Source material: Begin

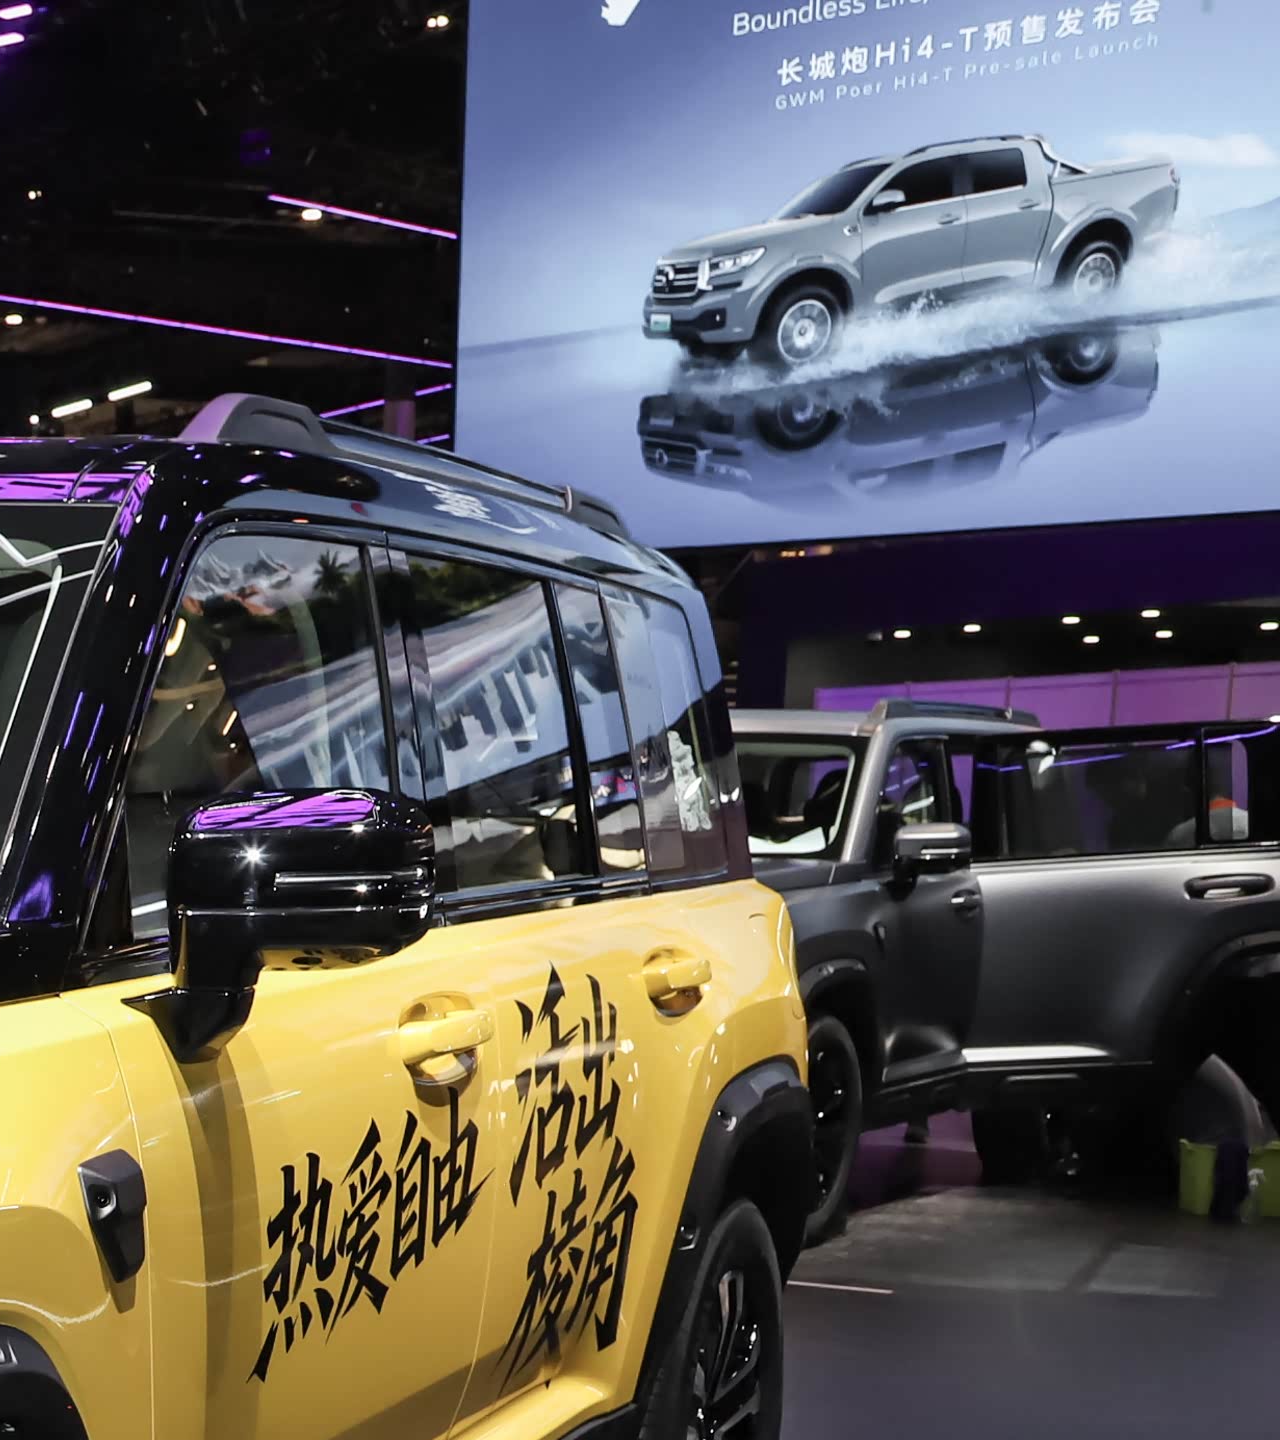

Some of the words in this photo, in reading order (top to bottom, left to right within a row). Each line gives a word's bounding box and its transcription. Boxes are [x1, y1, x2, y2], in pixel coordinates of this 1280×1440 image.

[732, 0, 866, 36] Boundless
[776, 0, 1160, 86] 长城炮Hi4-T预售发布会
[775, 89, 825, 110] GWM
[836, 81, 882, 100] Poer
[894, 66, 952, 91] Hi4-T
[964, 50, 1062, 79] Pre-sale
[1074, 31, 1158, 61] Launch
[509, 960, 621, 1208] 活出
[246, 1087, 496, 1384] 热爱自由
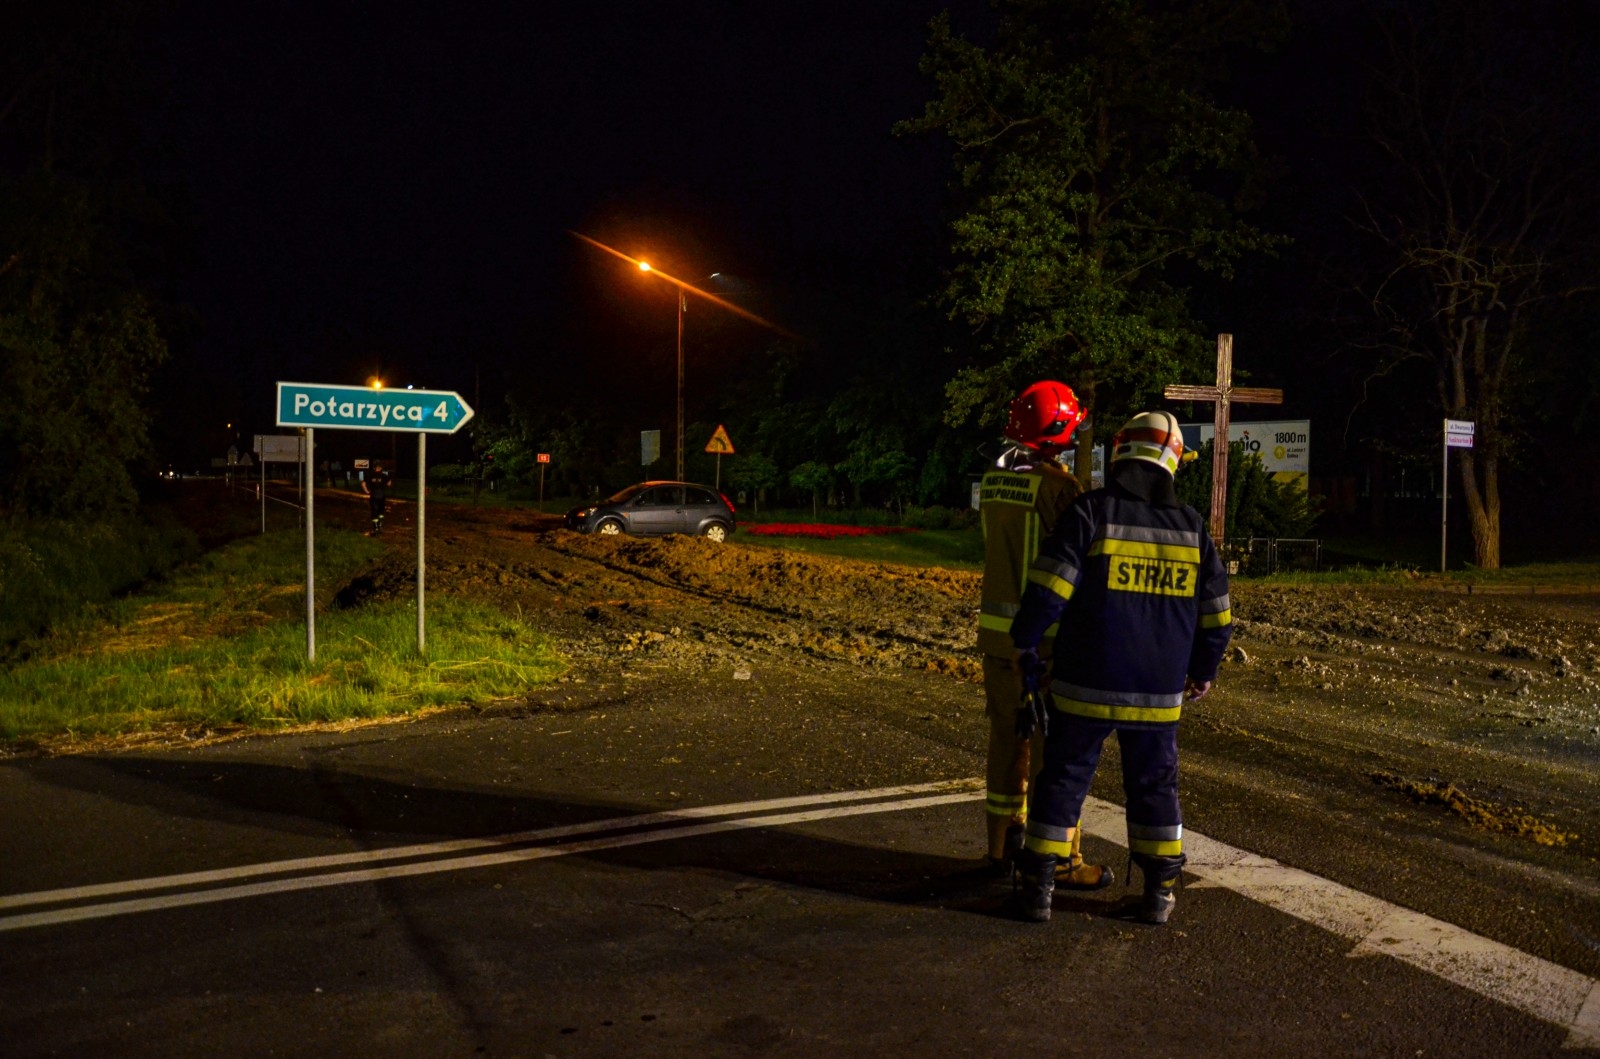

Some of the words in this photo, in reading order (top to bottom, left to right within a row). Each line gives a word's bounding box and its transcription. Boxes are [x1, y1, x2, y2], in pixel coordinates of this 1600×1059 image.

Source material: End

## Assignment
Using the records above, output an exact copy without any pictures.

## Written solution
Some of the words in this photo, in reading order (top to bottom, left to right within a row). Each line gives a word's bounding box and its transcription. Boxes are [x1, y1, x2, y2], in pixel coordinates of this 1280×1440 image.

[732, 0, 866, 36] Boundless
[776, 0, 1160, 86] 长城炮Hi4-T预售发布会
[775, 89, 825, 110] GWM
[836, 81, 882, 100] Poer
[894, 66, 952, 91] Hi4-T
[964, 50, 1062, 79] Pre-sale
[1074, 31, 1158, 61] Launch
[509, 960, 621, 1208] 活出
[246, 1087, 496, 1384] 热爱自由

Some of the words in this photo, in reading order (top to bottom, left to right within a row). Each line gives a word's bounding box and its transcription. Boxes are [x1, y1, x2, y2], in pixel coordinates of this 1600×1059 image.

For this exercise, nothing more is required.